Monique Peytral a supervisé la première tranche de restauration de Lascaux II, le fac-similé de la célèbre grotte préhistorique. Photo : DR

Depuis son inauguration en 1983, Lascaux II a accueilli près de 7,5 millions de visiteurs. Ce va-et-vient incessant a généré un dépôt naturel sur les parois de ce fac-similé de la fameuse grotte préhistorique située sous une colline proche du village de Montignac, à 55 kilomètres de Périgueux. Du coup, les peintures de la copie se sont retrouvées masquées par un voile grisâtre sur l’intégralité de la cavité. Phénomène qui avait en partie été à l’origine de la fermeture au public de la vraie grotte.

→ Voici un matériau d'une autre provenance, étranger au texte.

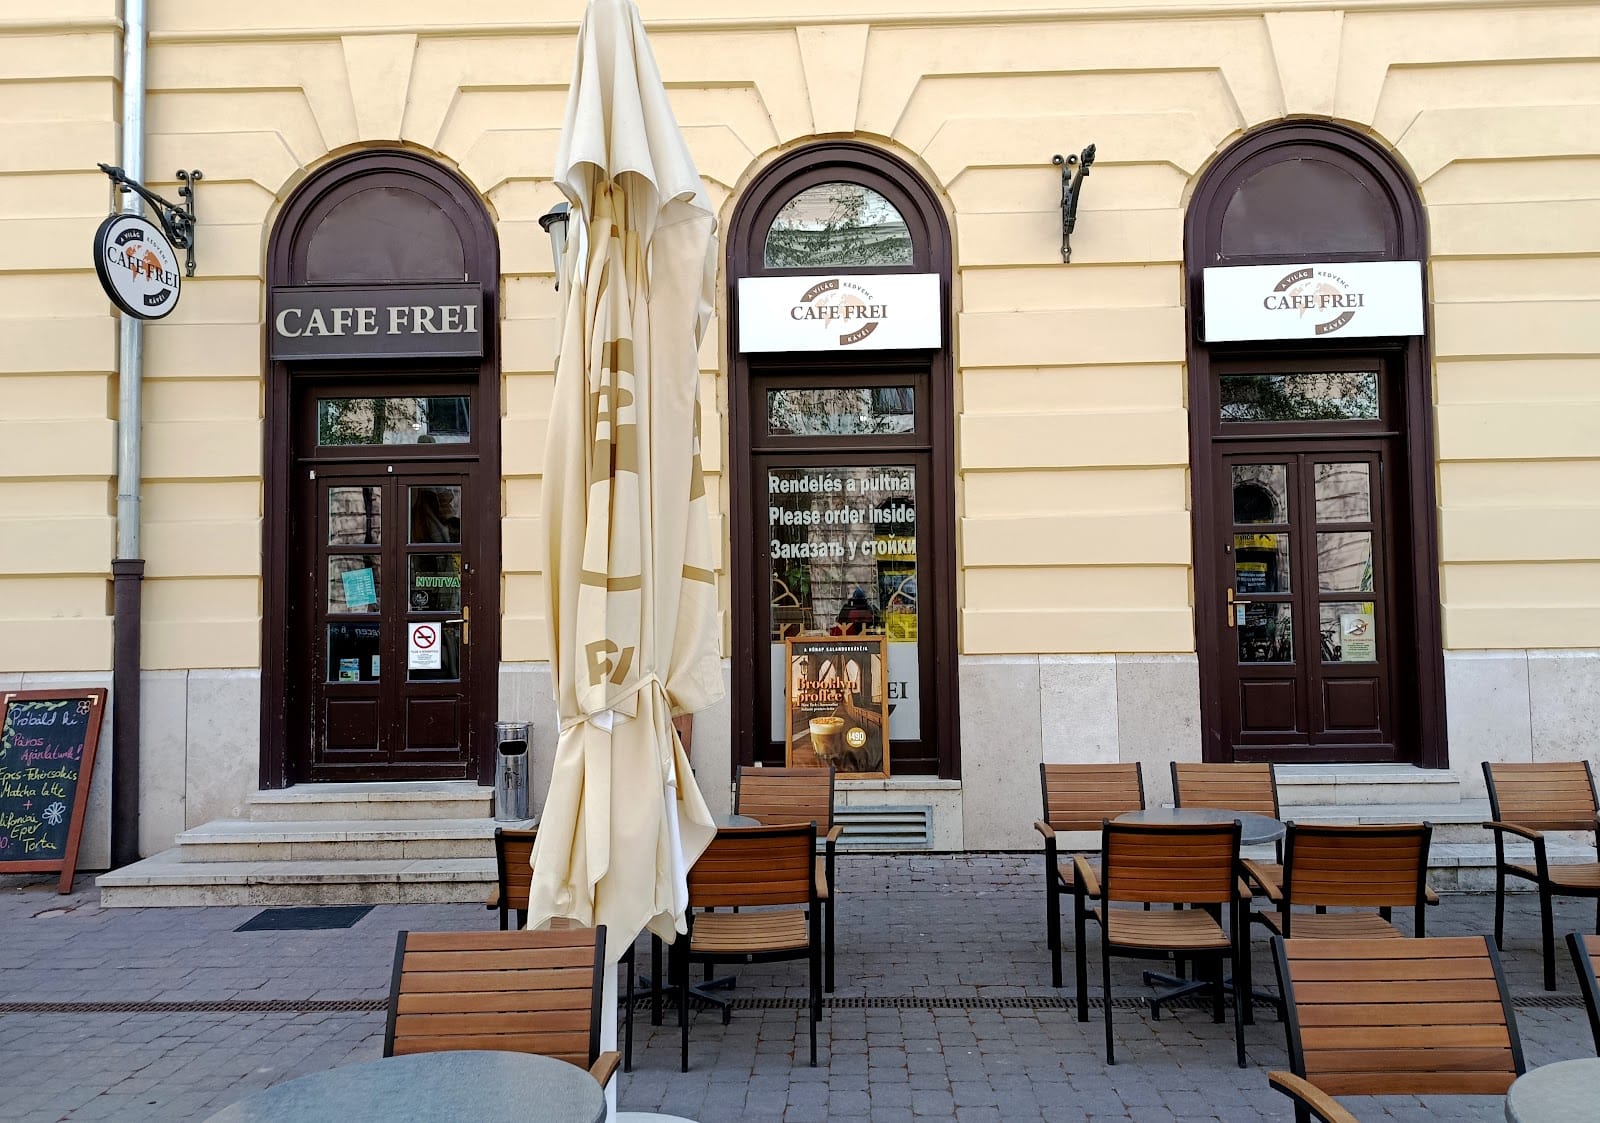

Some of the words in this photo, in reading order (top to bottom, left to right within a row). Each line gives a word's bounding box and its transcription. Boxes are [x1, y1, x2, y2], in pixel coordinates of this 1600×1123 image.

Afin de lutter contre cette dégradation, la Semitour Périgord, propriétaire du site, a décidé de le restaurer intégralement en étalant les travaux sur une période de quatre ans à raison de sessions d’intervention de trois mois. La première tranche de ce minutieux chantier, entamée le 16 novembre 2009, vient de s’achever sous la direction de Monique Peytral. Elle a permis de donner un coup de jeune au fond de la salle des Taureaux et du Diverticule Axial. Les peintures ont été nettoyées et éclaircies avant les travaux de peintures et de raccords. Grâce à une meilleure analyse du site d’origine, âgé de près de 20.000 ans, les reproductions ont également pu être précisées et détaillées. Ce travail de fourmi, qui a coûté 150.000 euros, permettra la réouverture du site dès demain. La deuxième tranche des travaux de restauration doit quant à elle être lancée début 2011.

Maladie verte

Découverte par le plus grand des hasards en septembre 1940 par quatre adolescents, la grotte de Lascaux est considérée comme l’un des chef-d’œuvre de l’art pariétal (sur parois) préhistorique. Tout au long d’une cavité de 200 mètres, dans laquelle se succèdent salles, galeries et couloirs, les archéologues ont mis à jour des représentations d’aurochs, d’ours, de cerfs et même d’une licorne, un animal légendaire doté d’une grande corne sur le milieu du front. Dès 1948, les visiteurs ont commencé à affluer à Lascaux et avec eux les premiers signes de dégradation. Préservées des agressions extérieures pendant plusieurs milliers d’années, les parois se sont couvertes d’algues et de bactéries, appelées « maladie verte », et de calcite, une recristallisation de la roche. André Malraux, alors ministre des Affaires culturelles, avait de ce fait ordonné la fermeture du site en 1963. Les travaux d’aménagements de son fac-similé, baptisé Lascaux II, avaient débuté dans les années 70.